Task statement: Pictures aside, each record should be reproduced exactly.

[Saved entries]
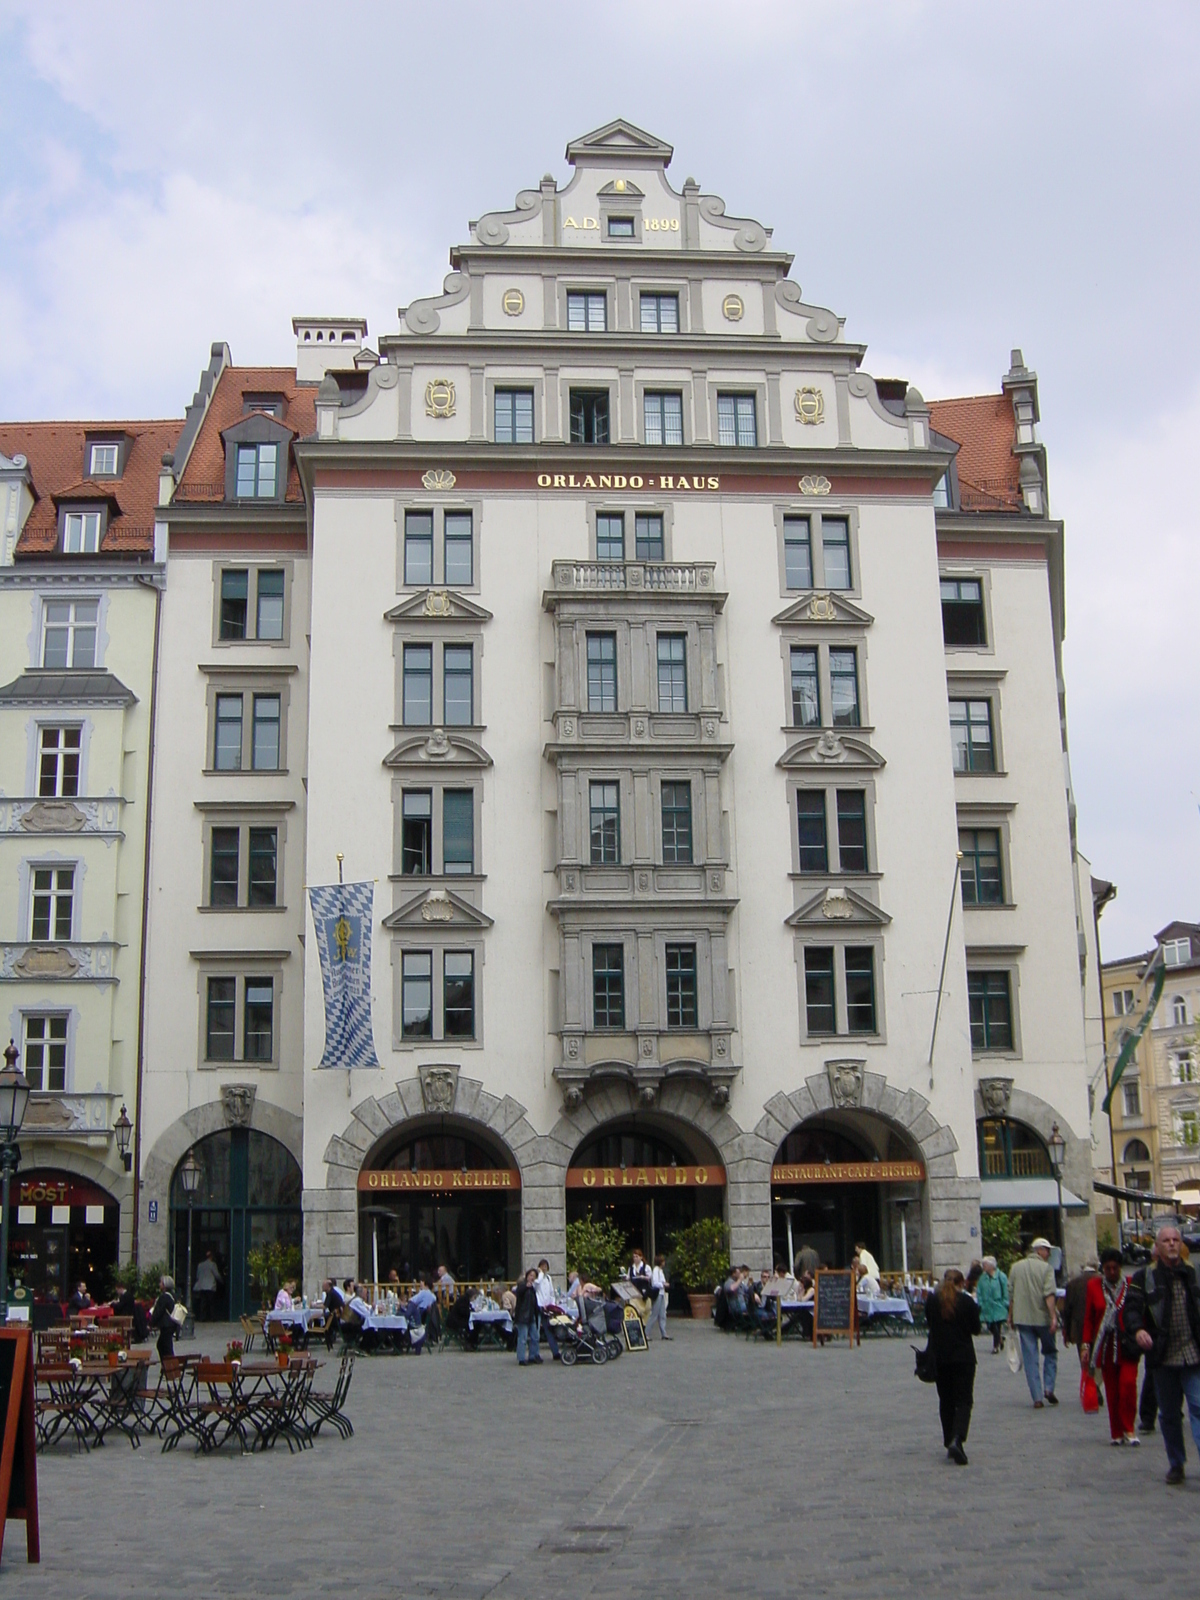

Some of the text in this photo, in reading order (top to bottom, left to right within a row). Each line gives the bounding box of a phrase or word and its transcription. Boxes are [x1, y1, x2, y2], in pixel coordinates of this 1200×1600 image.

[562, 216, 680, 231] A.D. 1899
[537, 474, 644, 489] ORLANDO
[659, 475, 720, 490] HAUS
[368, 1172, 511, 1188] ORLANDO KELLER
[582, 1166, 709, 1187] ORLANDO
[20, 1187, 68, 1202] MOST
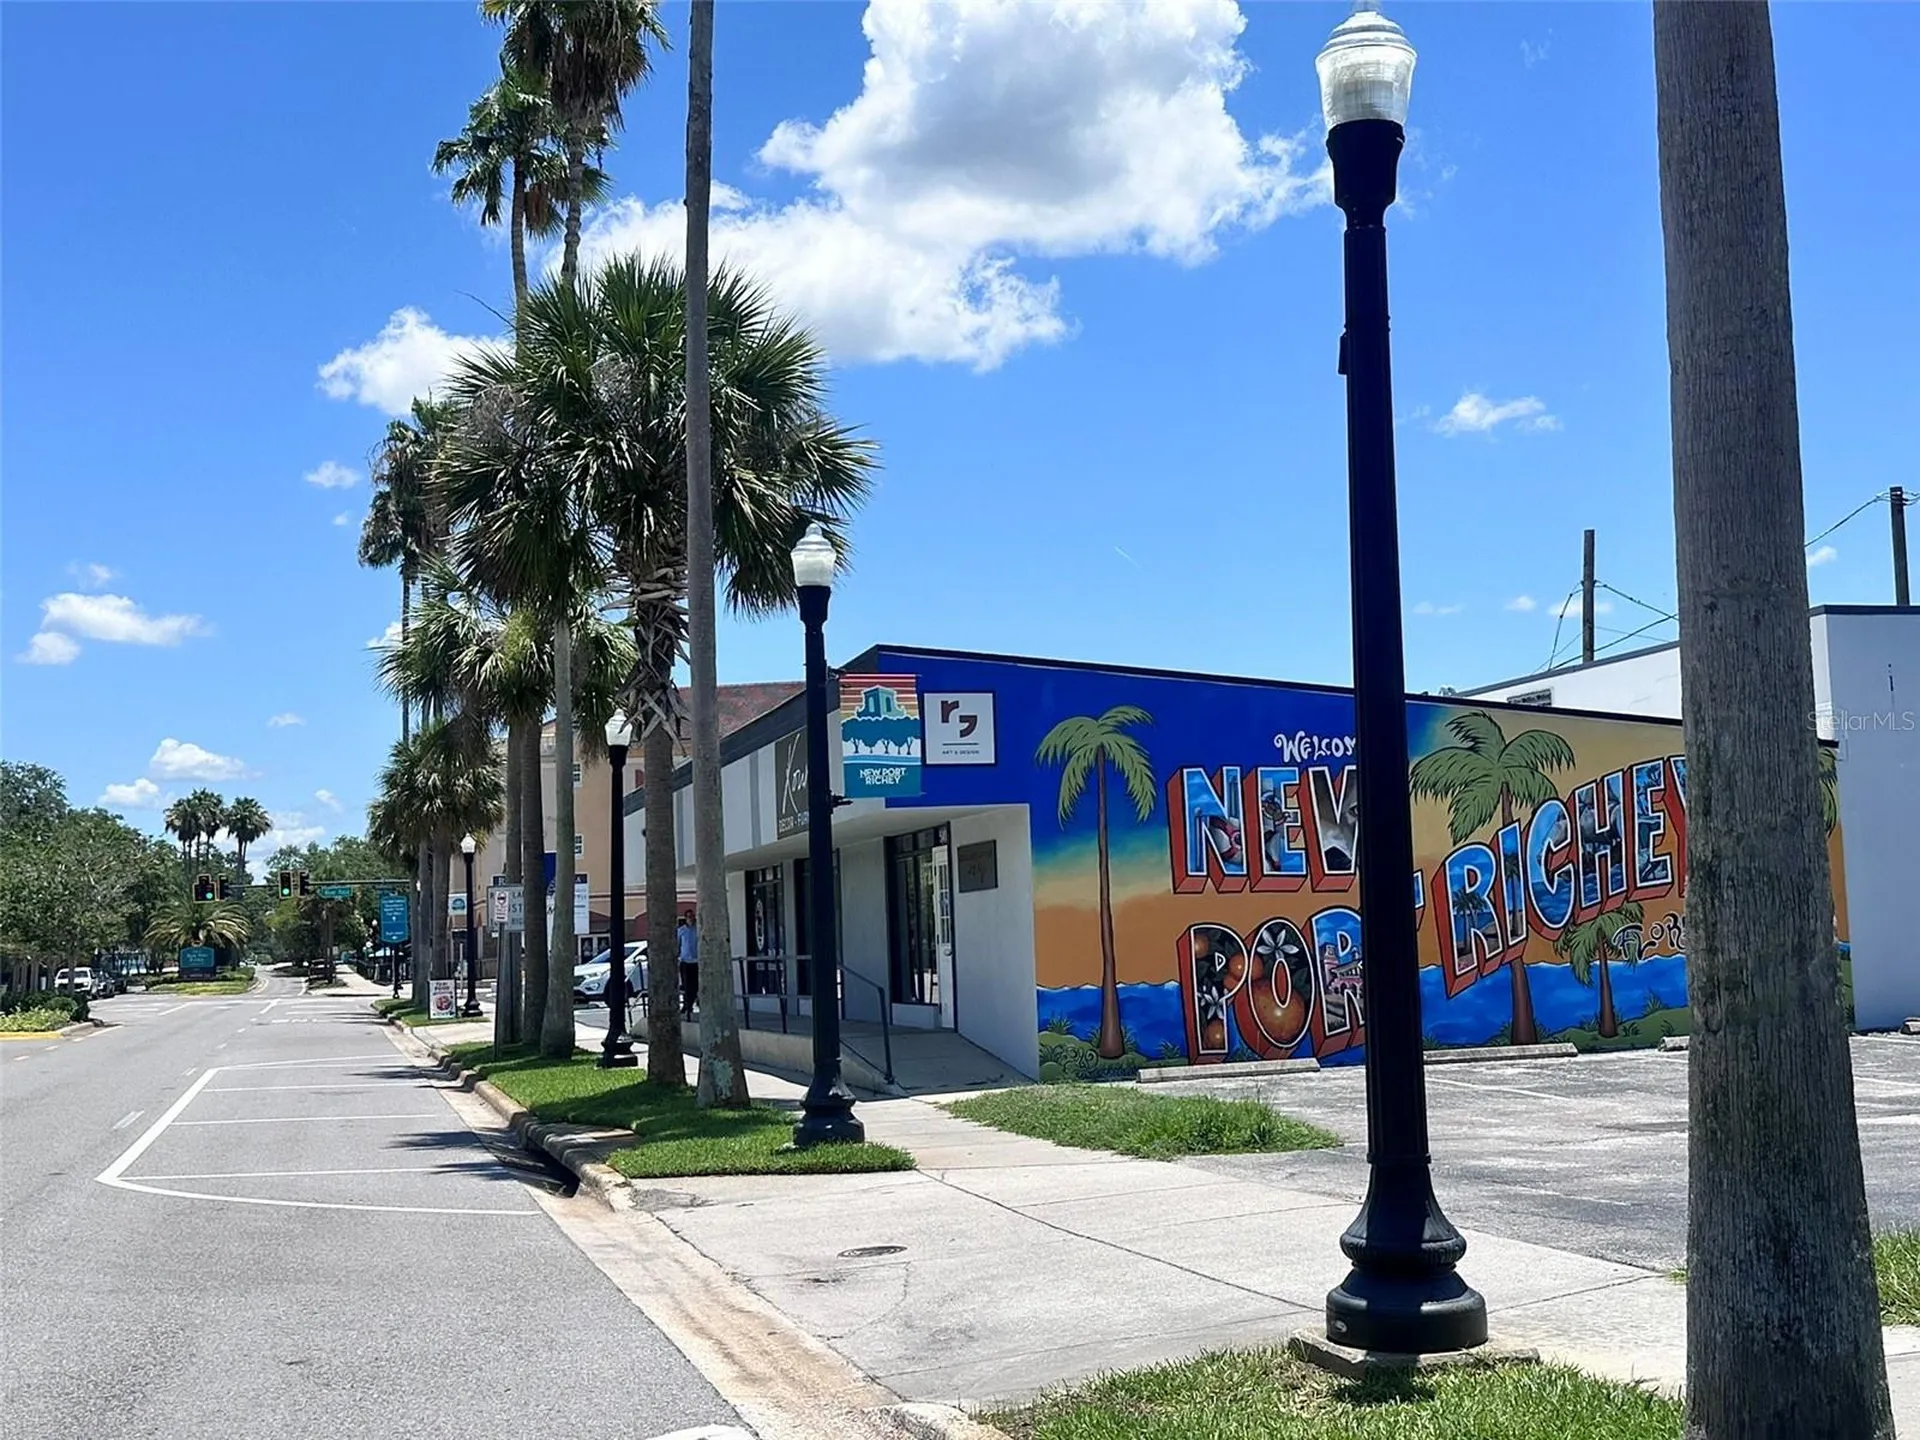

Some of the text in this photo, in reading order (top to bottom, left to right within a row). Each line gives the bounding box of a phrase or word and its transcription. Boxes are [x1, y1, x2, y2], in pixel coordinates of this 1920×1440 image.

Response:
Some of the text in this photo, in reading order (top to bottom, left to right within a row). Each line gives the bounding box of a phrase or word and its transcription. Boxes are [x1, y1, x2, y2], in pixel coordinates of this 1200×1600 image.

[562, 216, 680, 231] A.D. 1899
[537, 474, 644, 489] ORLANDO
[659, 475, 720, 490] HAUS
[368, 1172, 511, 1188] ORLANDO KELLER
[582, 1166, 709, 1187] ORLANDO
[20, 1187, 68, 1202] MOST

Some of the text in this photo, in reading order (top to bottom, left to right within a row). Each line gives the bounding box of a phrase or word and its transcription. Boxes are [x1, y1, x2, y2], in pixel coordinates of this 1920×1440 image.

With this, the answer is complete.